(PROVIDED RECORDS Opens)

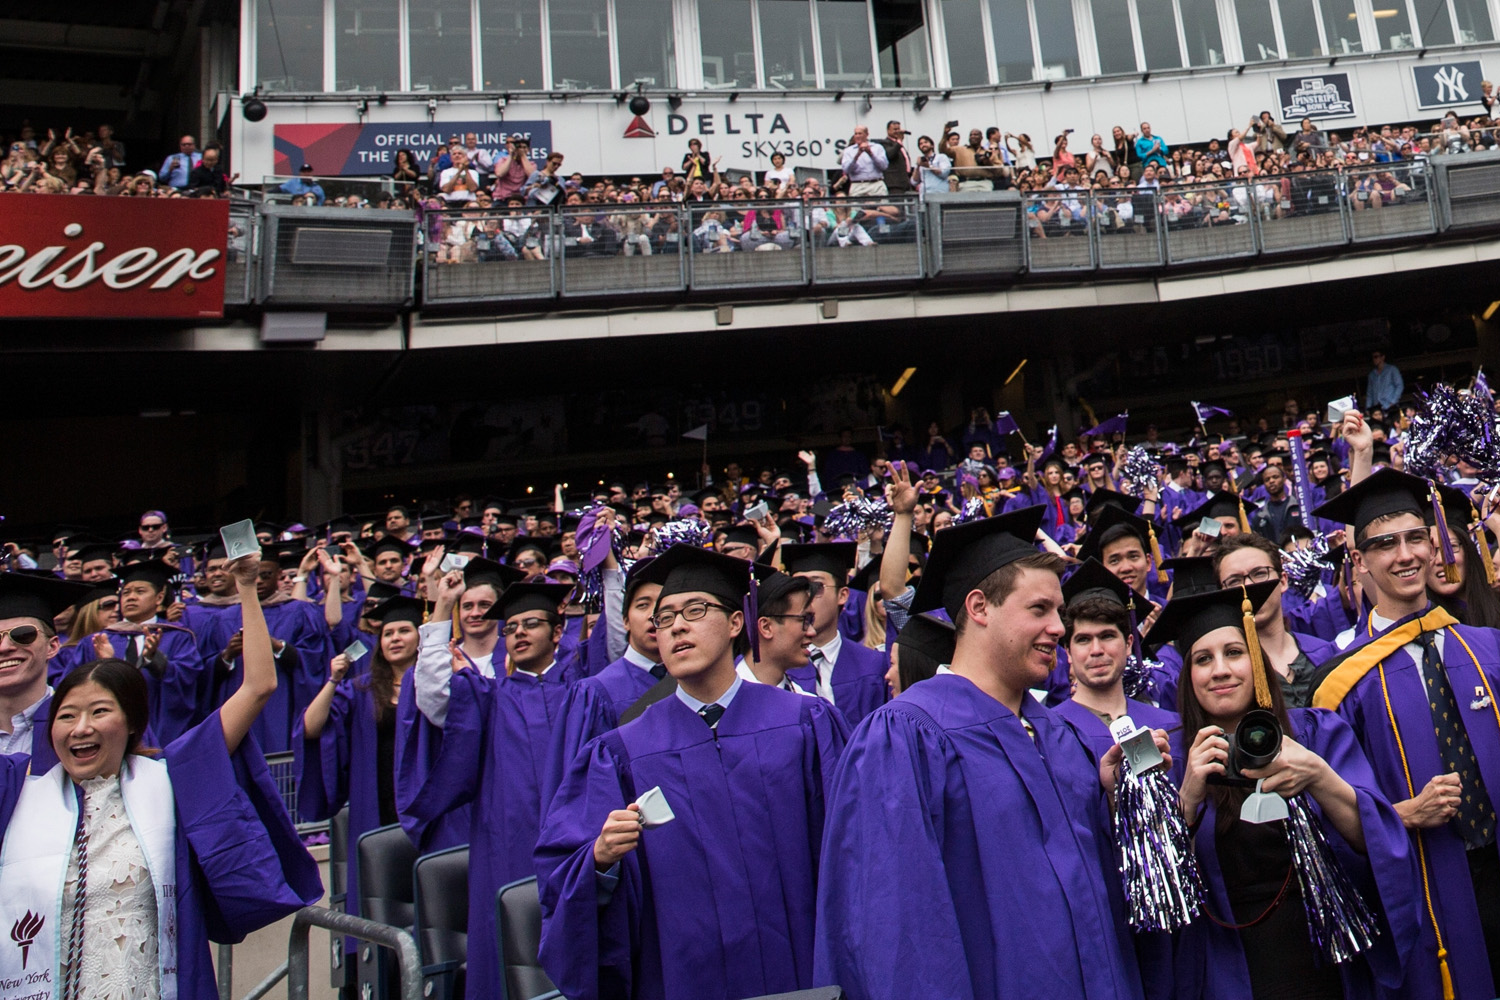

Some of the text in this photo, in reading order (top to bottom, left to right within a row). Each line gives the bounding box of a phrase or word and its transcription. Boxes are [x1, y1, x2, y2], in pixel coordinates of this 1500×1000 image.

[1433, 66, 1469, 102] NY
[668, 114, 791, 134] DELTA
[375, 134, 444, 146] OFFICIAL
[358, 151, 389, 162] THE
[1298, 486, 1309, 528] SCIENC
[0, 968, 51, 991] New York
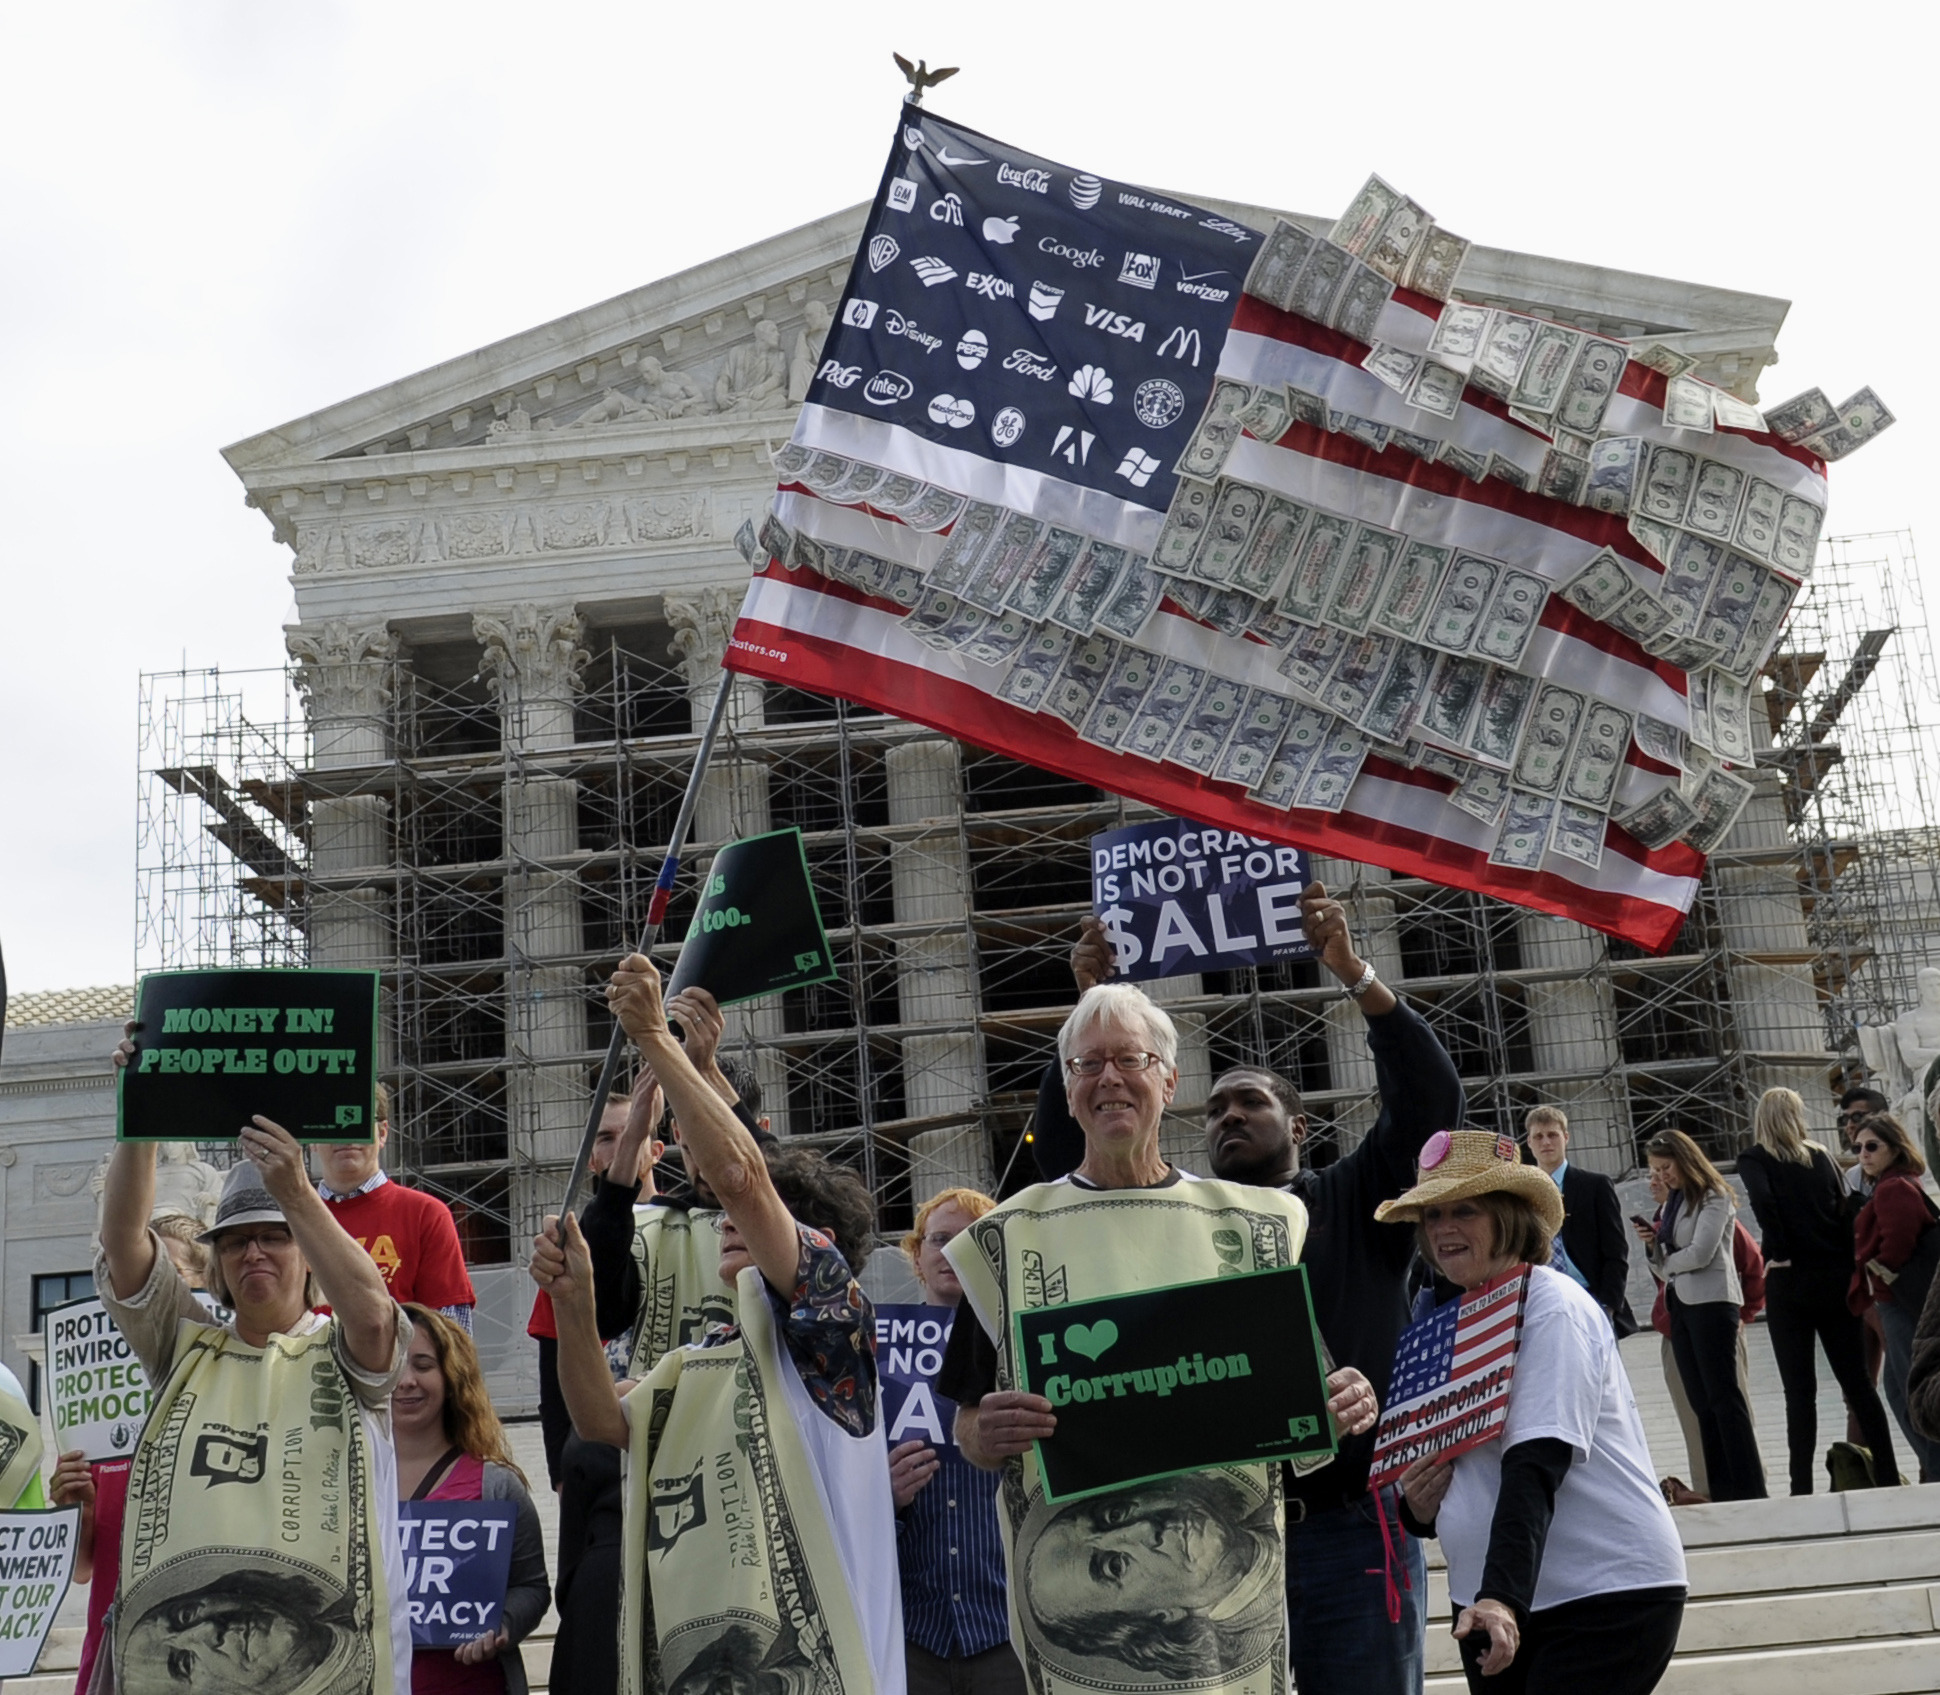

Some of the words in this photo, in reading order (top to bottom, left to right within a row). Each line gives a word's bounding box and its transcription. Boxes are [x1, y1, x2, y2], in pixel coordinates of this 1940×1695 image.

(PROVIDED RECORDS Closes)

• WHAT NEEDS TO BE DONE
Keep the pictures out and transcribe the entries exactly.

• EXERCISE SOLUTION
Some of the text in this photo, in reading order (top to bottom, left to right within a row). Each line gives the bounding box of a phrase or word and its transcription. Boxes are [x1, y1, x2, y2], in pixel coordinates of this 1500×1000 image.

[1433, 66, 1469, 102] NY
[668, 114, 791, 134] DELTA
[375, 134, 444, 146] OFFICIAL
[358, 151, 389, 162] THE
[1298, 486, 1309, 528] SCIENC
[0, 968, 51, 991] New York

Some of the words in this photo, in reading order (top to bottom, left to right within a row). Each line gives a word's bounding box and its transcription. Boxes are [x1, y1, x2, y2], in pixel coordinates of this 1940×1695 image.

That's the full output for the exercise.